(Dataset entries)
------------------------------------------------
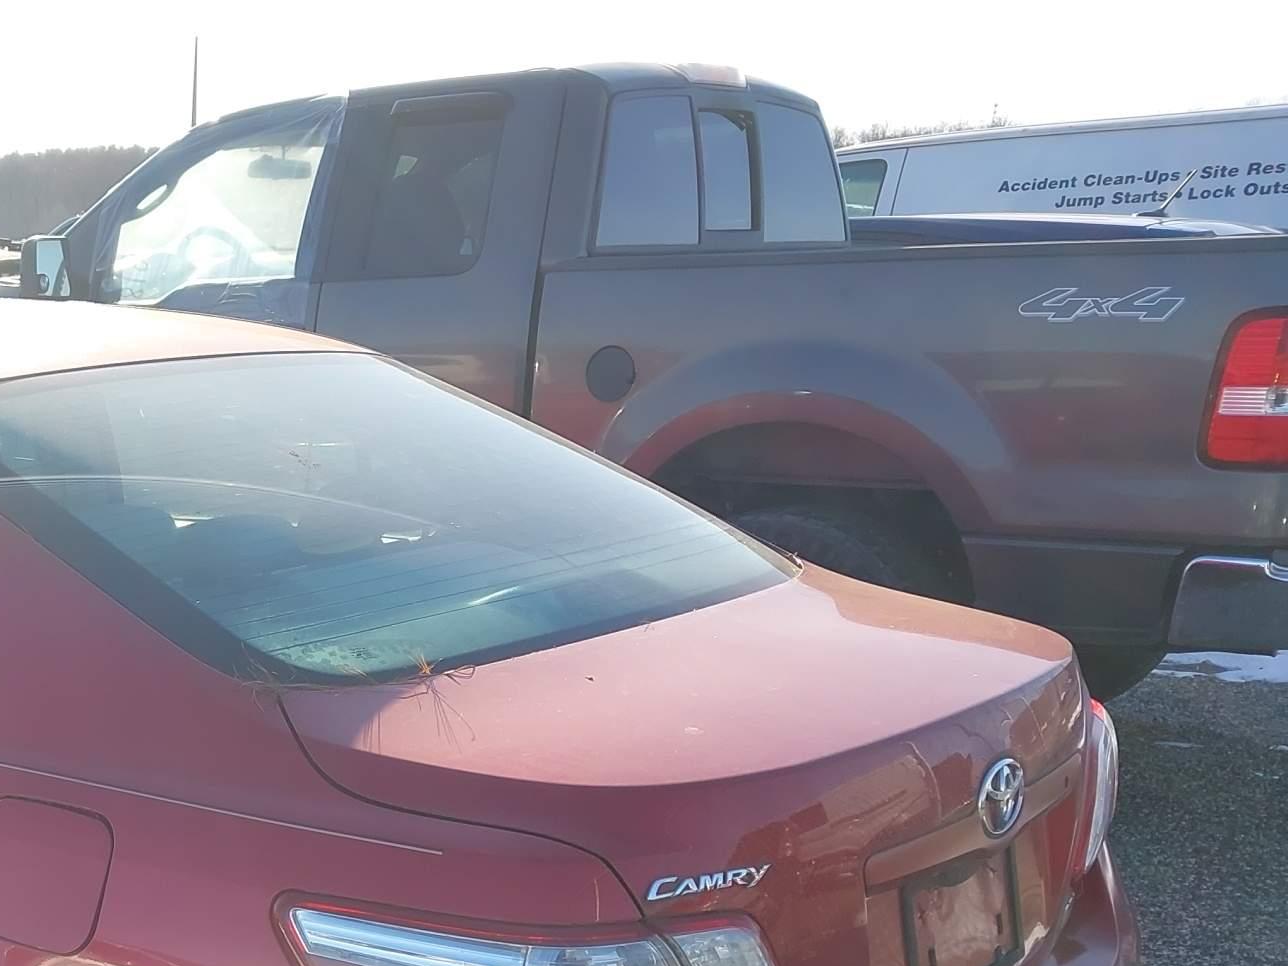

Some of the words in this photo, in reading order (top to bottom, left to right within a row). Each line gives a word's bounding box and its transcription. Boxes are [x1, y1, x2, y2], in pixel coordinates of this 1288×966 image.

[998, 176, 1077, 192] Accident
[1083, 170, 1180, 187] Clean-Ups
[1200, 165, 1239, 179] Site
[1055, 195, 1104, 208] Jump
[1112, 190, 1168, 204] Starts
[1188, 185, 1235, 200] Lock
[1018, 286, 1185, 322] 4x4
[646, 863, 772, 900] CAMRY
------------------------------------------------
▶ _What you should do_: Return every entry exactly, dropping the pictures.

▶ _Written solution_:
Some of the words in this photo, in reading order (top to bottom, left to right within a row). Each line gives a word's bounding box and its transcription. Boxes are [x1, y1, x2, y2], in pixel coordinates of this 1288×966 image.

[998, 176, 1077, 192] Accident
[1083, 170, 1180, 187] Clean-Ups
[1200, 165, 1239, 179] Site
[1055, 195, 1104, 208] Jump
[1112, 190, 1168, 204] Starts
[1188, 185, 1235, 200] Lock
[1018, 286, 1185, 322] 4x4
[646, 863, 772, 900] CAMRY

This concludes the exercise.